Background technology
The primary colors original state sample of plant not only has very important effect in teaching and scientific research, andAlso there is important value at aspects such as sample display, displaying and artistic ornamentals, due to plantThe complex chemical composition containing, its chemical change rule is difficult to grasp, and gives primary colour plant sampleMaking brought very large difficulty.

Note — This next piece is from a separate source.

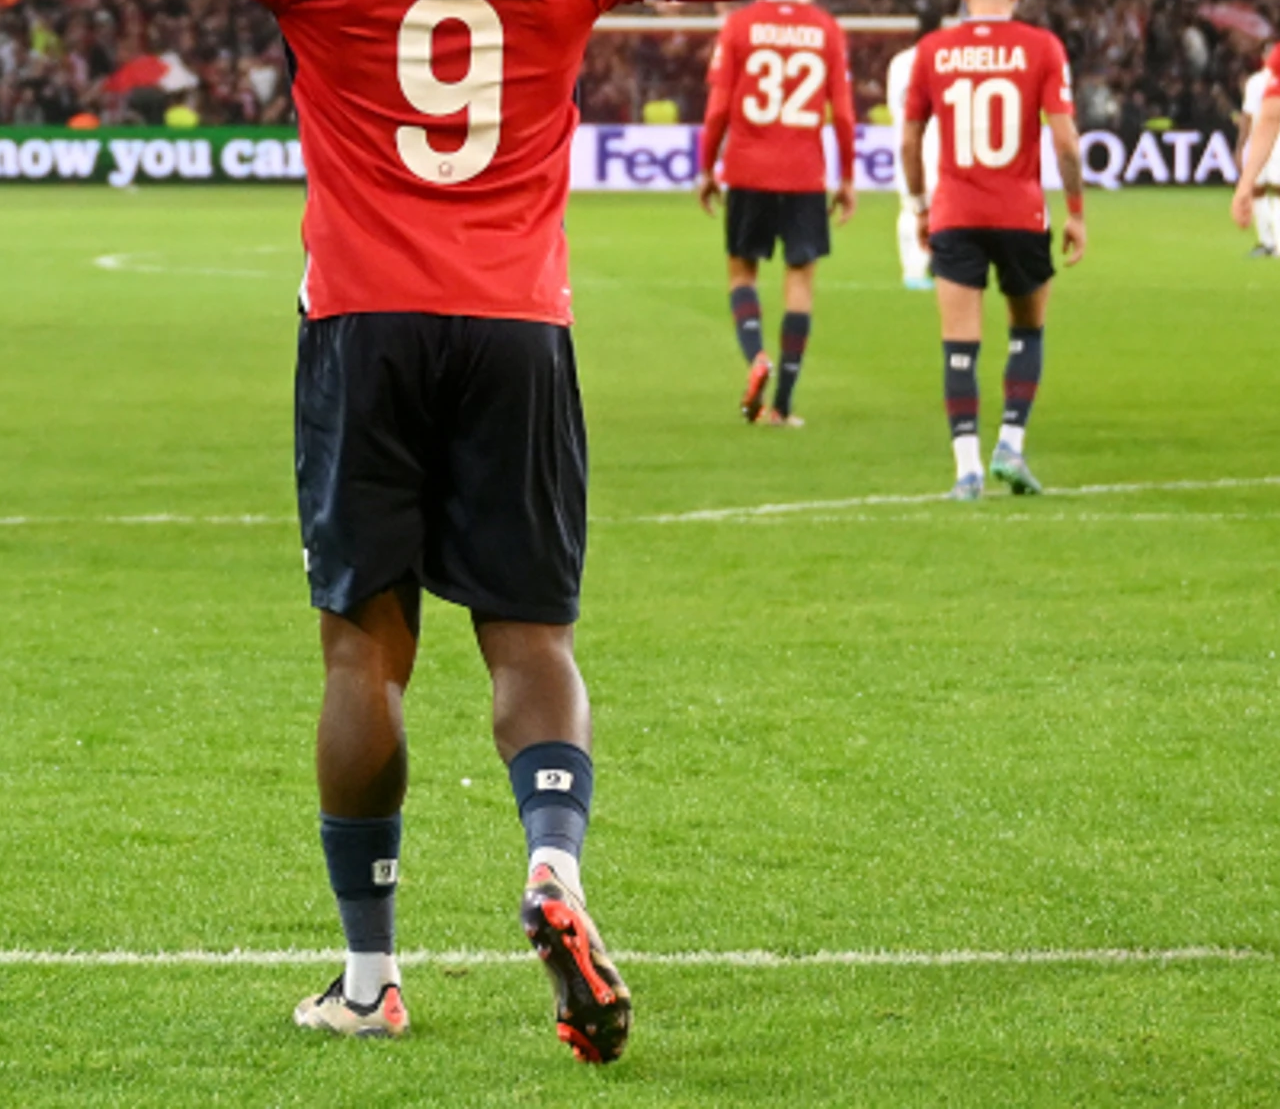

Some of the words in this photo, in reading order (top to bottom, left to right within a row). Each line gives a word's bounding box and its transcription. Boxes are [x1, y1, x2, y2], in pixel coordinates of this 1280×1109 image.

At present, traditional plant primary colour specimen is made and is had following subject matter:
One, preserve liquid and adopt some toxic reagents as formalin, sulfurous acid etc. more, these thingsMatter is unstable, volatile, harmful;
Two, adopt respectively different fixers and preserve liquid preserve different colours vegetable material asGreen plants sample fixer and preservation liquid, red plant specimen fixer and preservation liquid, purplePlant specimen fixer and preservation liquid, white plant specimen fixer and preservation liquid and and yellowPlant specimen fixer and preservation liquid etc.;
Three, these traditional plant primary colour specimen preparation methods, need to prepare numerous fixersWith preservation liquid, workload is very large, also usually can and preserve liquid preparation surplus because of fixer simultaneouslyBring very large waste;
Four, even more important a bit, the branches and leaves of any plant, flower, fruit color are oftenNot consistent, cannot carry out entirety to it by traditional method and preserve on the whole, traditionalPlant primary colour specimen method for production application surface is narrow, unrealistic and expense is higher.
Summary of the invention
The present invention is directed to the deficiency of the problems referred to above, provide a kind of plant specimen to preserve gel making sideMethod, its method is simple, efficient, stable, plant specimen can be stored in for a long time without poison ringIn the preservation gel of protecting, and be applicable to the making of the plant specimen of multiple color.
The present invention for addressing the above problem adopted technical scheme is:
A kind of plant specimen is preserved gel preparation method, its needed raw material component and quality proportioning asUnder:
Its manufacturing process is:
By acrylamide, N, N-methylene-bisacrylamide, dodecyl sodium sulfate, chlorinationThe pH that sodium and water form is that 8.5-9.0 solution prepares and puts into preprepared sampleIn bottle, then add wherein 0.5%-1.0% tetramethylethylenediamine, leaving standstill five minutes solution willForm gel.
The simultaneously claimed plant specimen that utilizes this method and make of the present invention is preserved gel.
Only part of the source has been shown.